**Supplied data**:
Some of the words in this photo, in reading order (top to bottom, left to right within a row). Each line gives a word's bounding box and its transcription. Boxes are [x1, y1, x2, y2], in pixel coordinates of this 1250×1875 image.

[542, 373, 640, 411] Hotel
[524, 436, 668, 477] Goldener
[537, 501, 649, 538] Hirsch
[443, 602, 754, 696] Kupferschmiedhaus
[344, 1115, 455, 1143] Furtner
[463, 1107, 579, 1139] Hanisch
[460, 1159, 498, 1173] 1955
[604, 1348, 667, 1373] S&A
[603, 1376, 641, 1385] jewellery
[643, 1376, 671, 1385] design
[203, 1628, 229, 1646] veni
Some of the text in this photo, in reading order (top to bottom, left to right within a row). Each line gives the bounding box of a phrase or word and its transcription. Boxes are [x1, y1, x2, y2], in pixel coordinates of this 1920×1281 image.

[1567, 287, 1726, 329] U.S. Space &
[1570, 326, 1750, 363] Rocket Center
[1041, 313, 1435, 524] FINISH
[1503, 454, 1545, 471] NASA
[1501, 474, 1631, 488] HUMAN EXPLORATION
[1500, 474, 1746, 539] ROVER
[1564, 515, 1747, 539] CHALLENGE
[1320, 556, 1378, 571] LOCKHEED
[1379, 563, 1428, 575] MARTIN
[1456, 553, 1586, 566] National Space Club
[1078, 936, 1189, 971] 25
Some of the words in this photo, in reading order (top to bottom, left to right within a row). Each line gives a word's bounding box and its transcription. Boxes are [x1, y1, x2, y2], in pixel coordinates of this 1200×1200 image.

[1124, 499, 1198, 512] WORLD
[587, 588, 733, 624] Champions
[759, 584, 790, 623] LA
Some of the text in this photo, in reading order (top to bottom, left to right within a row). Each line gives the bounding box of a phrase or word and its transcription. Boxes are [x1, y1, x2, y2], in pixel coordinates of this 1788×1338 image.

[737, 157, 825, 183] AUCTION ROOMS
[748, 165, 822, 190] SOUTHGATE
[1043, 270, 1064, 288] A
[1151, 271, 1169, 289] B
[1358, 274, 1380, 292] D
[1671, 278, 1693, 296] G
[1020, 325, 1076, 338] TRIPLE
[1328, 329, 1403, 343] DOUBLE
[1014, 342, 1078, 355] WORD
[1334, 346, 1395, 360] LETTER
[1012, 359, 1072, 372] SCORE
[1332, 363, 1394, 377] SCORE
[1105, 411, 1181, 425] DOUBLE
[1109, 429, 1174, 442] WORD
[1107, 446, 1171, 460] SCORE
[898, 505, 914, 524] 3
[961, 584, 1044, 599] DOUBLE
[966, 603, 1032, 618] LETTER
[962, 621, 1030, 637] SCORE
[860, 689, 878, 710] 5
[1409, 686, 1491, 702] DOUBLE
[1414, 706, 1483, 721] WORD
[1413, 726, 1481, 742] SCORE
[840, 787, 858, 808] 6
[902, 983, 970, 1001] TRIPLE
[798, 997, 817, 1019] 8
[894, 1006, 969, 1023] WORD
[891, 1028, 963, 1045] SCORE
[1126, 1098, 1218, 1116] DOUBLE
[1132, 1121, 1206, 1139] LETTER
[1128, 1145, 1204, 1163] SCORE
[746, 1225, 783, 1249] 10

**Exercise**:
Write down the entire listing above verbatim.

**Your response**:
Some of the words in this photo, in reading order (top to bottom, left to right within a row). Each line gives a word's bounding box and its transcription. Boxes are [x1, y1, x2, y2], in pixel coordinates of this 1250×1875 image.

[542, 373, 640, 411] Hotel
[524, 436, 668, 477] Goldener
[537, 501, 649, 538] Hirsch
[443, 602, 754, 696] Kupferschmiedhaus
[344, 1115, 455, 1143] Furtner
[463, 1107, 579, 1139] Hanisch
[460, 1159, 498, 1173] 1955
[604, 1348, 667, 1373] S&A
[603, 1376, 641, 1385] jewellery
[643, 1376, 671, 1385] design
[203, 1628, 229, 1646] veni
Some of the text in this photo, in reading order (top to bottom, left to right within a row). Each line gives the bounding box of a phrase or word and its transcription. Boxes are [x1, y1, x2, y2], in pixel coordinates of this 1920×1281 image.

[1567, 287, 1726, 329] U.S. Space &
[1570, 326, 1750, 363] Rocket Center
[1041, 313, 1435, 524] FINISH
[1503, 454, 1545, 471] NASA
[1501, 474, 1631, 488] HUMAN EXPLORATION
[1500, 474, 1746, 539] ROVER
[1564, 515, 1747, 539] CHALLENGE
[1320, 556, 1378, 571] LOCKHEED
[1379, 563, 1428, 575] MARTIN
[1456, 553, 1586, 566] National Space Club
[1078, 936, 1189, 971] 25
Some of the words in this photo, in reading order (top to bottom, left to right within a row). Each line gives a word's bounding box and its transcription. Boxes are [x1, y1, x2, y2], in pixel coordinates of this 1200×1200 image.

[1124, 499, 1198, 512] WORLD
[587, 588, 733, 624] Champions
[759, 584, 790, 623] LA
Some of the text in this photo, in reading order (top to bottom, left to right within a row). Each line gives the bounding box of a phrase or word and its transcription. Boxes are [x1, y1, x2, y2], in pixel coordinates of this 1788×1338 image.

[737, 157, 825, 183] AUCTION ROOMS
[748, 165, 822, 190] SOUTHGATE
[1043, 270, 1064, 288] A
[1151, 271, 1169, 289] B
[1358, 274, 1380, 292] D
[1671, 278, 1693, 296] G
[1020, 325, 1076, 338] TRIPLE
[1328, 329, 1403, 343] DOUBLE
[1014, 342, 1078, 355] WORD
[1334, 346, 1395, 360] LETTER
[1012, 359, 1072, 372] SCORE
[1332, 363, 1394, 377] SCORE
[1105, 411, 1181, 425] DOUBLE
[1109, 429, 1174, 442] WORD
[1107, 446, 1171, 460] SCORE
[898, 505, 914, 524] 3
[961, 584, 1044, 599] DOUBLE
[966, 603, 1032, 618] LETTER
[962, 621, 1030, 637] SCORE
[860, 689, 878, 710] 5
[1409, 686, 1491, 702] DOUBLE
[1414, 706, 1483, 721] WORD
[1413, 726, 1481, 742] SCORE
[840, 787, 858, 808] 6
[902, 983, 970, 1001] TRIPLE
[798, 997, 817, 1019] 8
[894, 1006, 969, 1023] WORD
[891, 1028, 963, 1045] SCORE
[1126, 1098, 1218, 1116] DOUBLE
[1132, 1121, 1206, 1139] LETTER
[1128, 1145, 1204, 1163] SCORE
[746, 1225, 783, 1249] 10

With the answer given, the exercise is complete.